Hohe Aufklärung bei Gewalt

Straftaten mit Körperverletzung wurden 2018 rund 4.900 Mal angezeigt, bei 683 Fällen blieb es allerdings bei einem Versuch. Die Aufklärungsquote in diesem Bereich ist deutlich über den 53,9 Prozent, und zwar bei 85,3 Prozent. „In über 1.500 Fällen gab es ein Bekanntschaftsverhältnis zwischen Täter und Opfer und in 1.111 Fällen sogar eine familiäre Beziehung“, so Voggenberger. Bei den Gewaltdelikten zählte die Polizei im vergangenen Jahr 3.545 männliche und 2.318 weibliche Opfer.

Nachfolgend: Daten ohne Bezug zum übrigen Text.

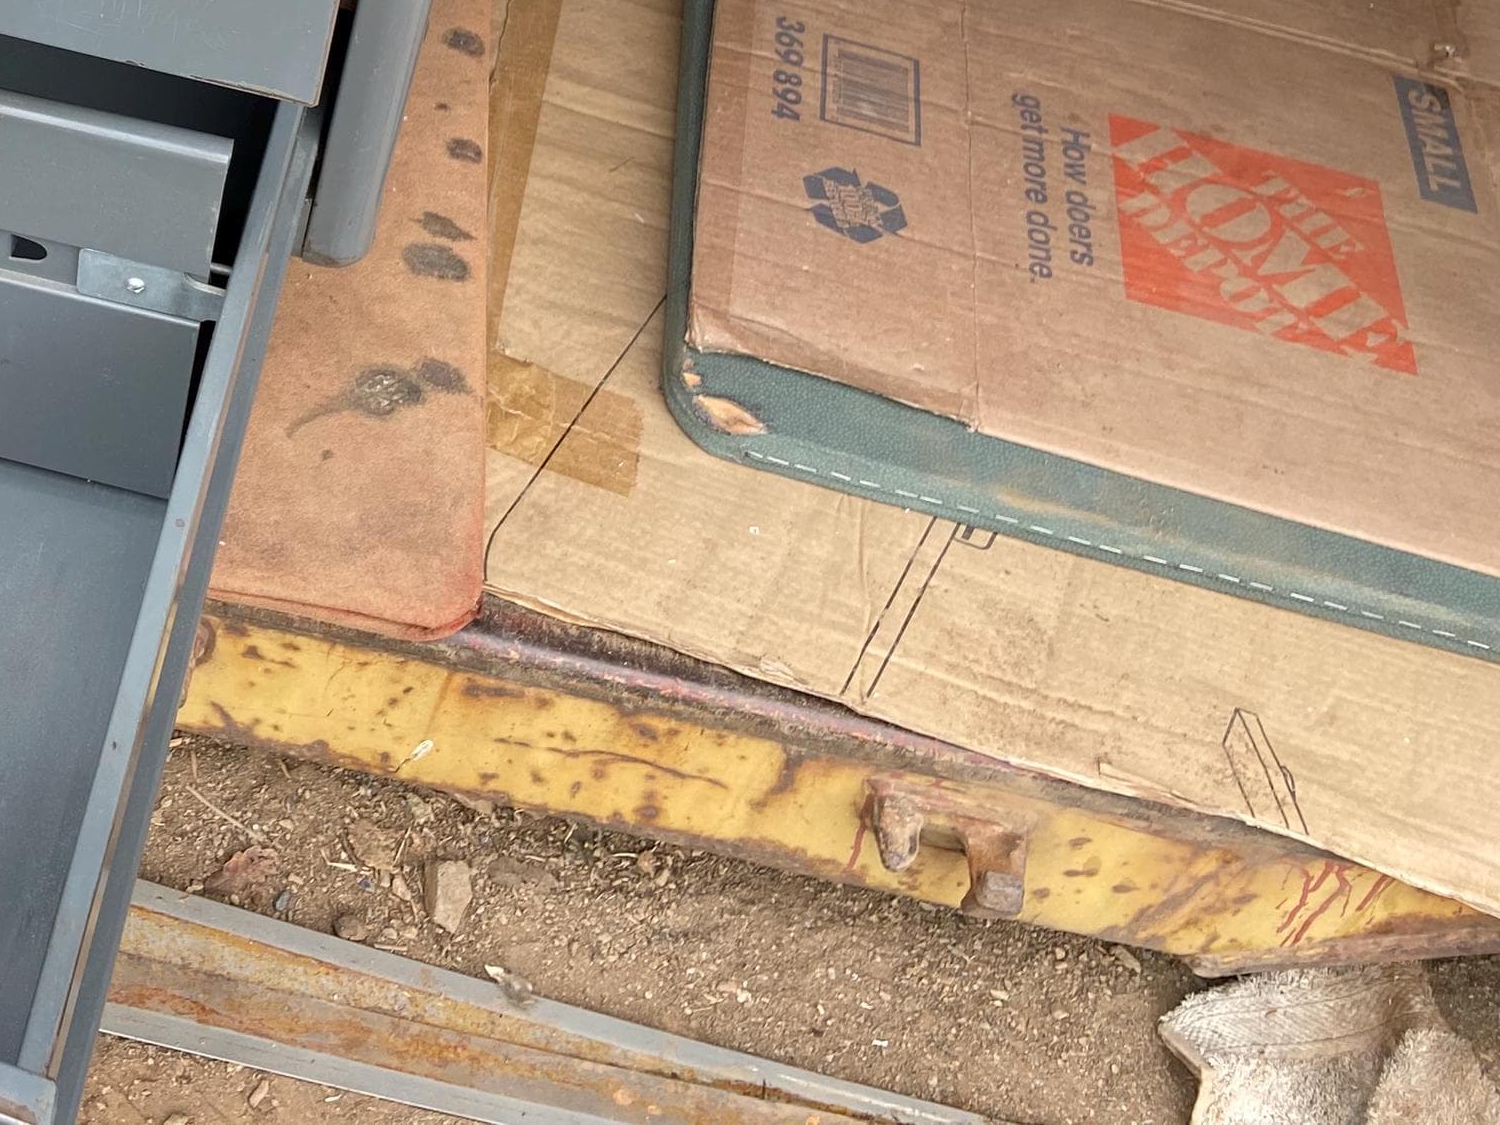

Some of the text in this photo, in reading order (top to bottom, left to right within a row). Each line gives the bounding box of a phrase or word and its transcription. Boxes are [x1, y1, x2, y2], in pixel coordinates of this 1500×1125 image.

[771, 16, 805, 121] 369 894
[1012, 91, 1058, 283] get more done.
[1060, 126, 1097, 267] How doers
[1408, 88, 1461, 192] SMALL
[1111, 125, 1412, 365] HOME
[1117, 191, 1305, 337] DEPOT
[1252, 171, 1365, 259] THE
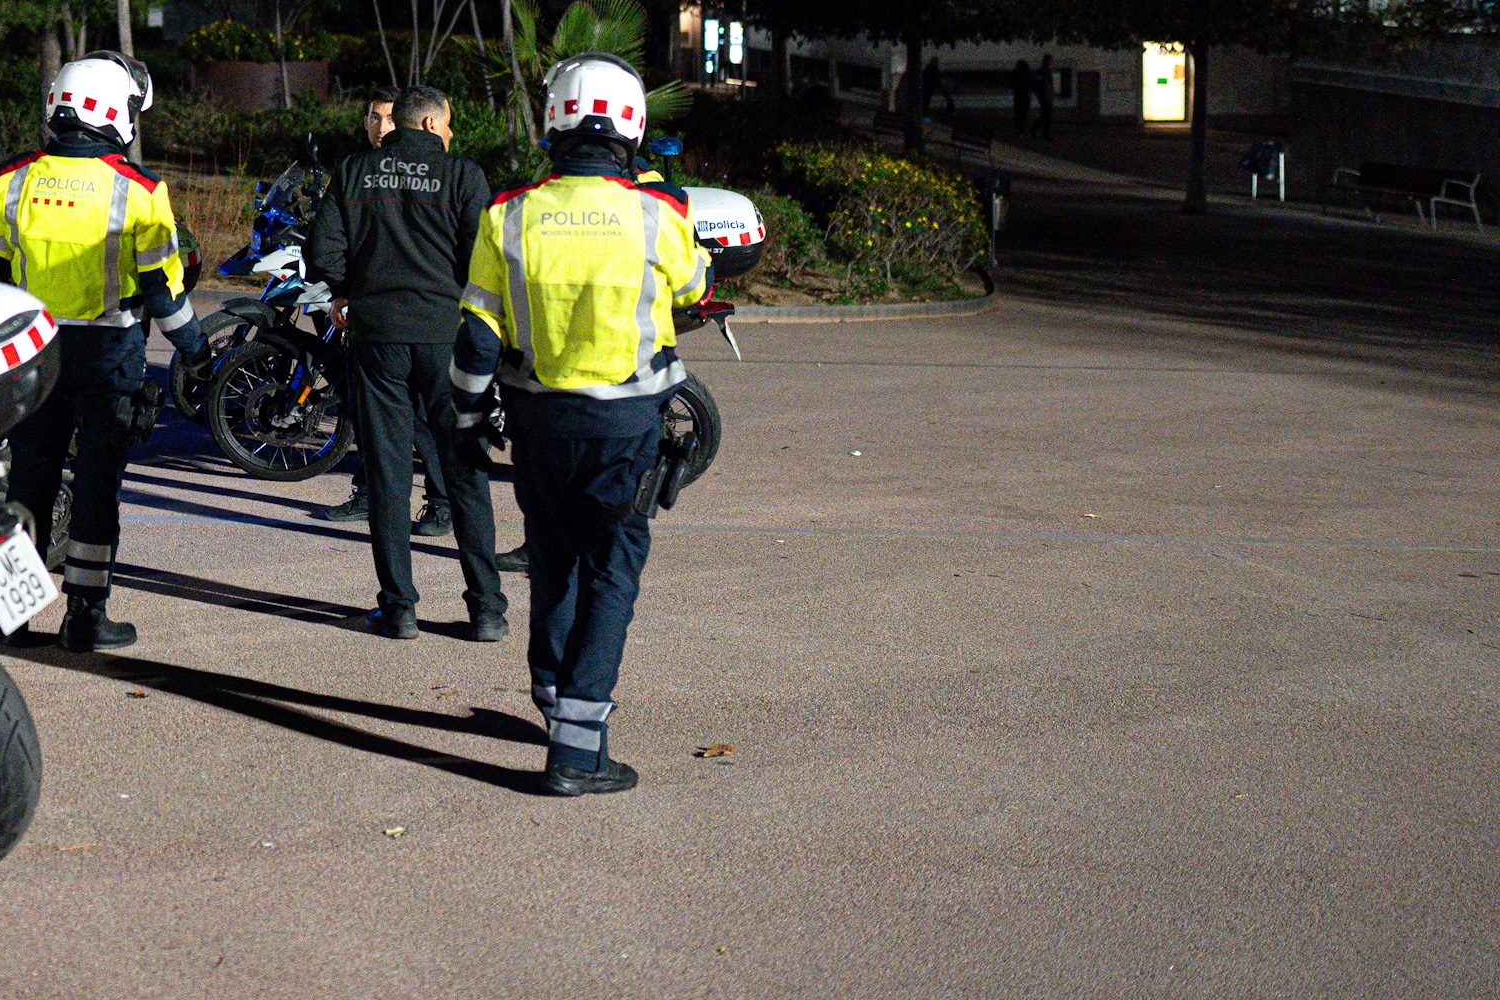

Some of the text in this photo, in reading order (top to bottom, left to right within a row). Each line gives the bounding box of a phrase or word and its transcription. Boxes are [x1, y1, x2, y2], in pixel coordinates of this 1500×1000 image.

[379, 157, 430, 176] Clece
[36, 177, 95, 193] POLICIA
[363, 173, 441, 193] SEGURIDAD
[540, 211, 621, 226] POLICIA
[709, 220, 746, 232] policia
[0, 573, 46, 621] 1939

Kriminalität verlagert sich ins Internet

Während bei den meisten Delikten die angezeigten Fälle sinken, ist der Bereich Cyber-Kriminalität weiter stark im Steigen, von 2017 auf 2018 um 21,3 Prozent auf 1.044 Fälle. Die Aufklärungsquote liegt hier nur bei knapp 40 Prozent. „Der Tatort Internet steht weltweit und rund um die Uhr zur Verfügung, Täter können weitgehend anonym auftreten“, erklärt Voggenberger den dramatischen Anstieg. Dabei stellen Hacker-Angriffe und Datenmissbrauch nicht einmal den größten Teil der Delikte dar sondern der Internetbetrug, „also der Betrug mit Tatort Internet“, dazu zählen auch Erpressung und pornografische Darstellung Minderjähriger.

Gute Zusammenarbeit mit Bayern

Die Zusammenarbeit mit der Bayerischen Landespolizei bezeichnet Franz Ruf als sehr gut, „wir treffen uns mit dem Polizeipräsidium Oberbayern Süd in Rosenheim halbjährlich, spezielle operative Fälle werden laufend besprochen, bei Alarmfahndungen steht unserer Leitzentrale mit dem Gegenüber in Rosenheim sofort in Kontakt“.